Apart from the pictures, every entry must be retyped exactly.

Start of SOURCE INFORMATION

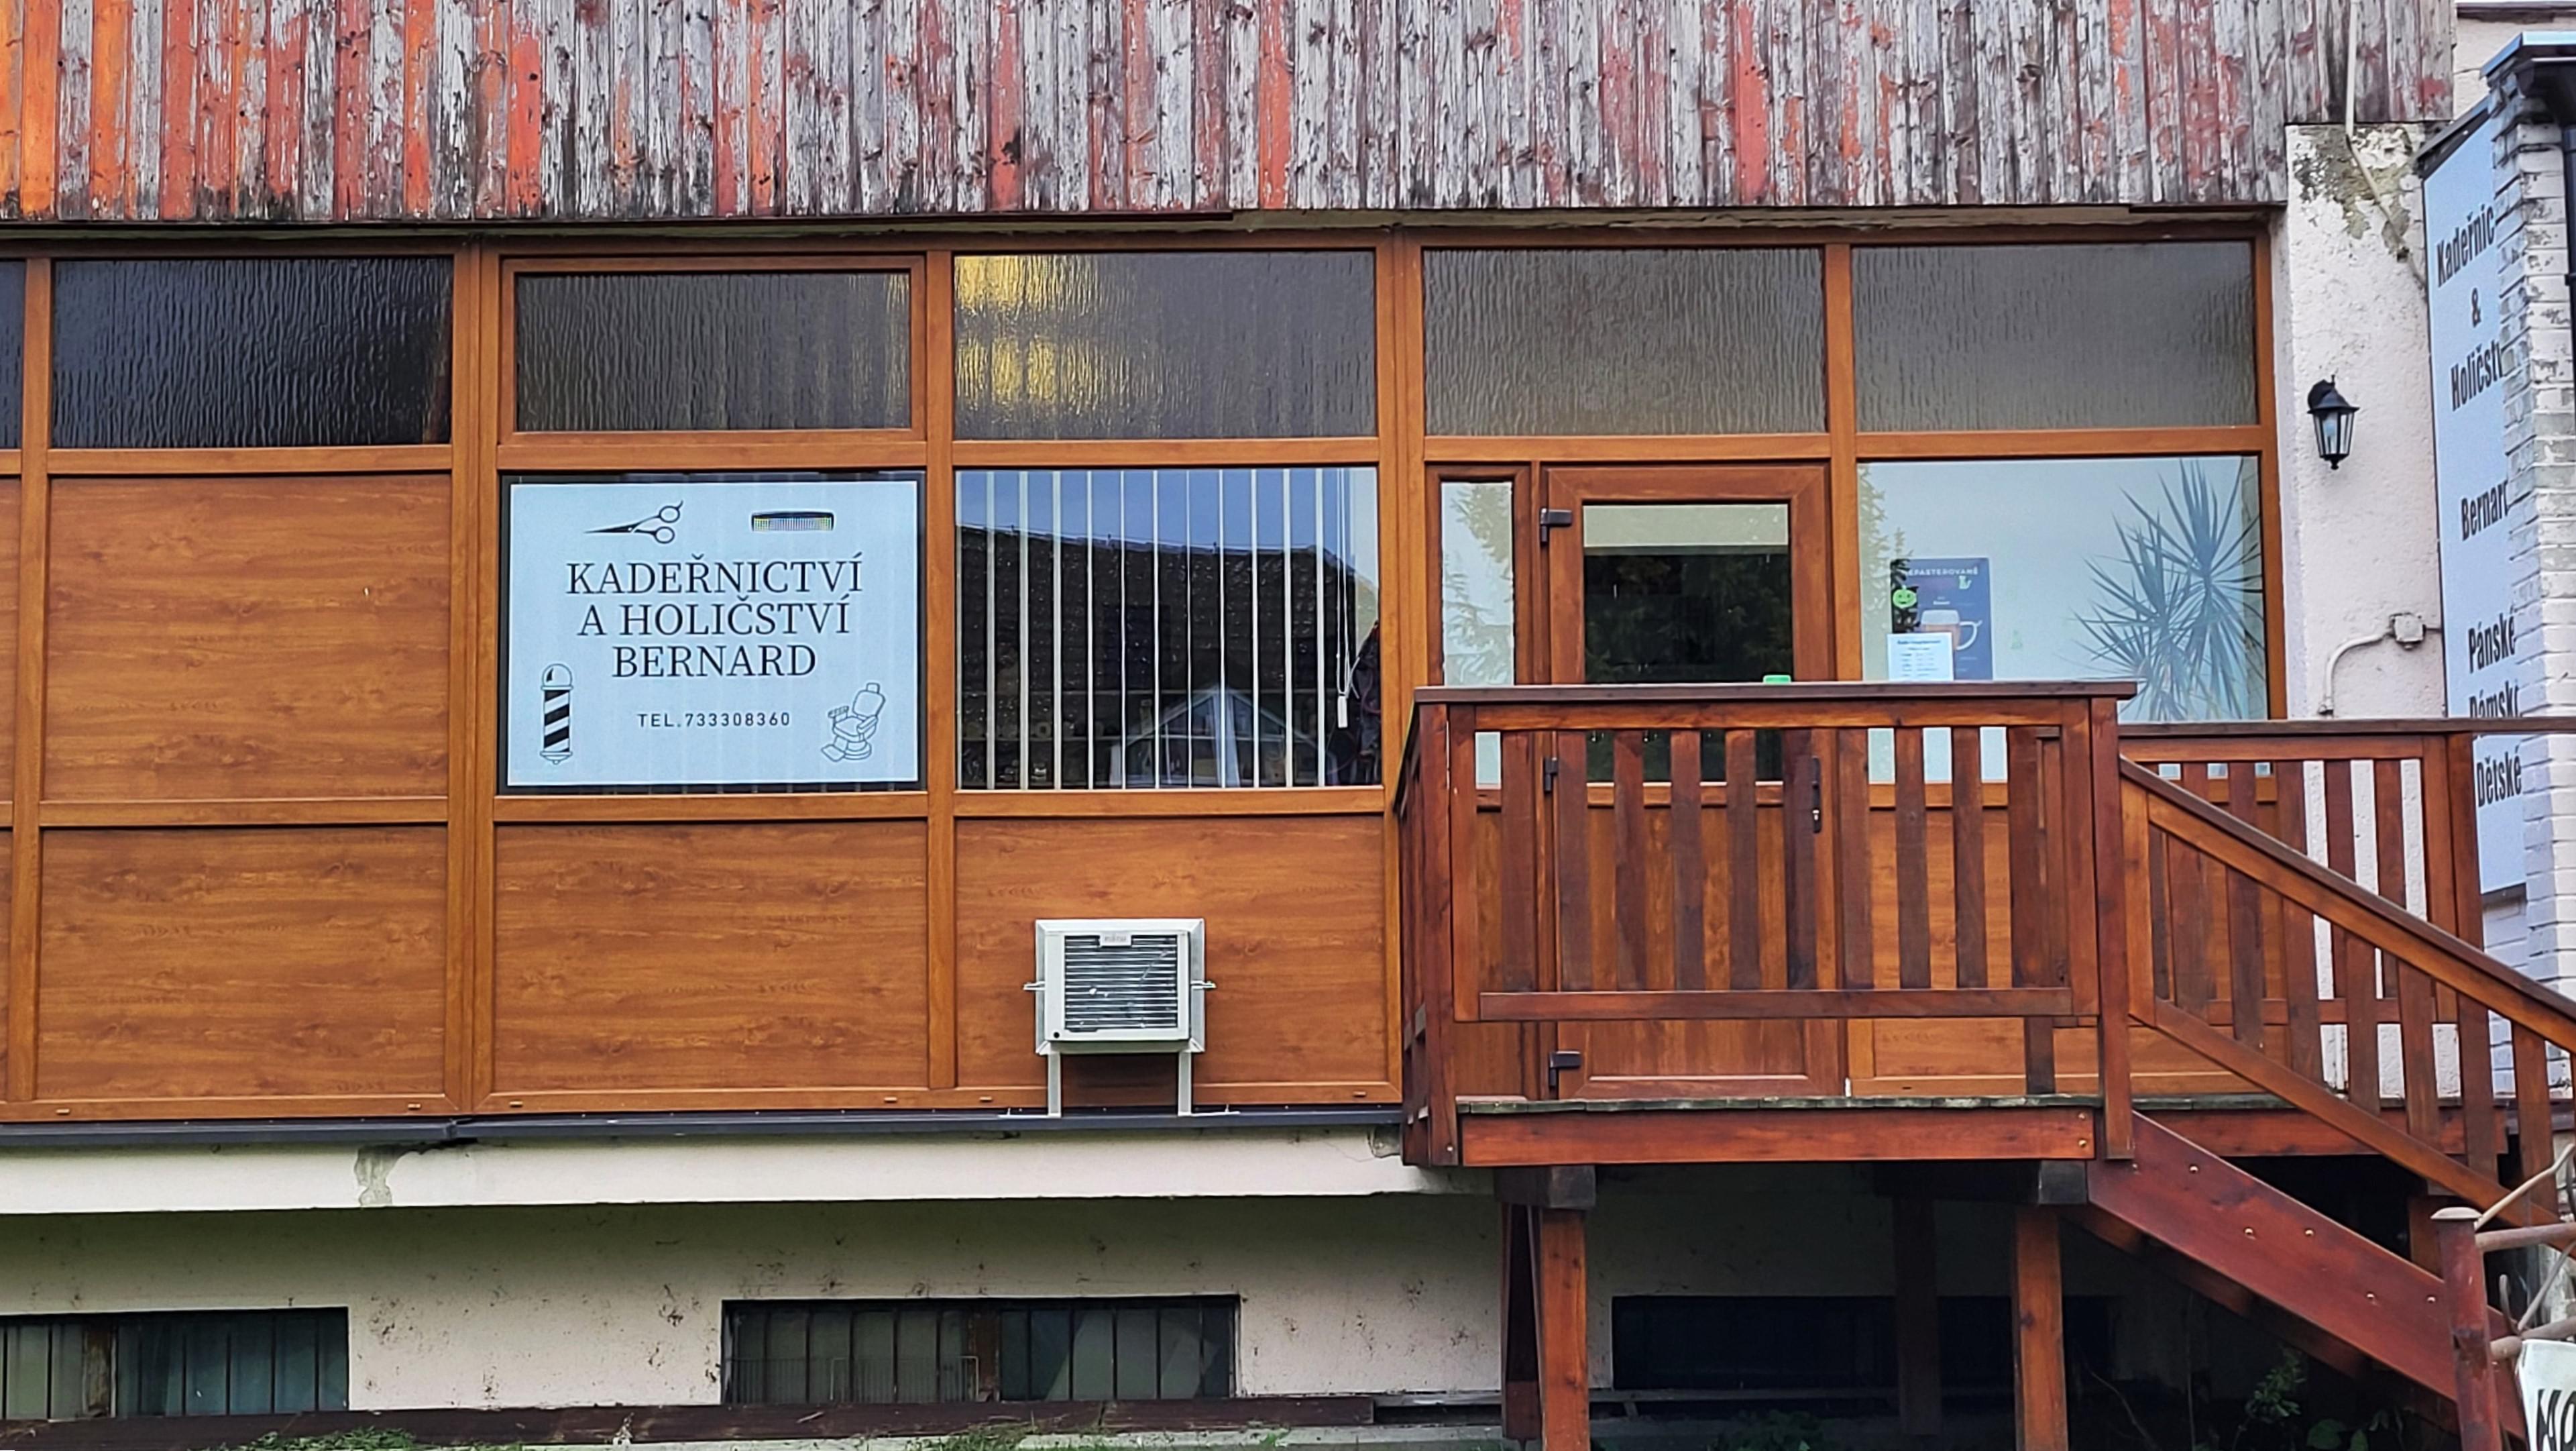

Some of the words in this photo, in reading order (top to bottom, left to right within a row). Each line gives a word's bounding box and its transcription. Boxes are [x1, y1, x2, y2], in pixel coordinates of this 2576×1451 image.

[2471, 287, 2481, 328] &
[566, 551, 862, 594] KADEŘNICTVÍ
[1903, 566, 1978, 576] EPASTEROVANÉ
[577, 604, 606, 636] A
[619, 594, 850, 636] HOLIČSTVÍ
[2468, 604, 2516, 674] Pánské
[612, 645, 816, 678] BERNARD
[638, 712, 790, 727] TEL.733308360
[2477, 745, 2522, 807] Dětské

End of SOURCE INFORMATION

### RESULT OF THIS EXERCISE
Some of the words in this photo, in reading order (top to bottom, left to right within a row). Each line gives a word's bounding box and its transcription. Boxes are [x1, y1, x2, y2], in pixel coordinates of this 2576×1451 image.

[2471, 287, 2481, 328] &
[566, 551, 862, 594] KADEŘNICTVÍ
[1903, 566, 1978, 576] EPASTEROVANÉ
[577, 604, 606, 636] A
[619, 594, 850, 636] HOLIČSTVÍ
[2468, 604, 2516, 674] Pánské
[612, 645, 816, 678] BERNARD
[638, 712, 790, 727] TEL.733308360
[2477, 745, 2522, 807] Dětské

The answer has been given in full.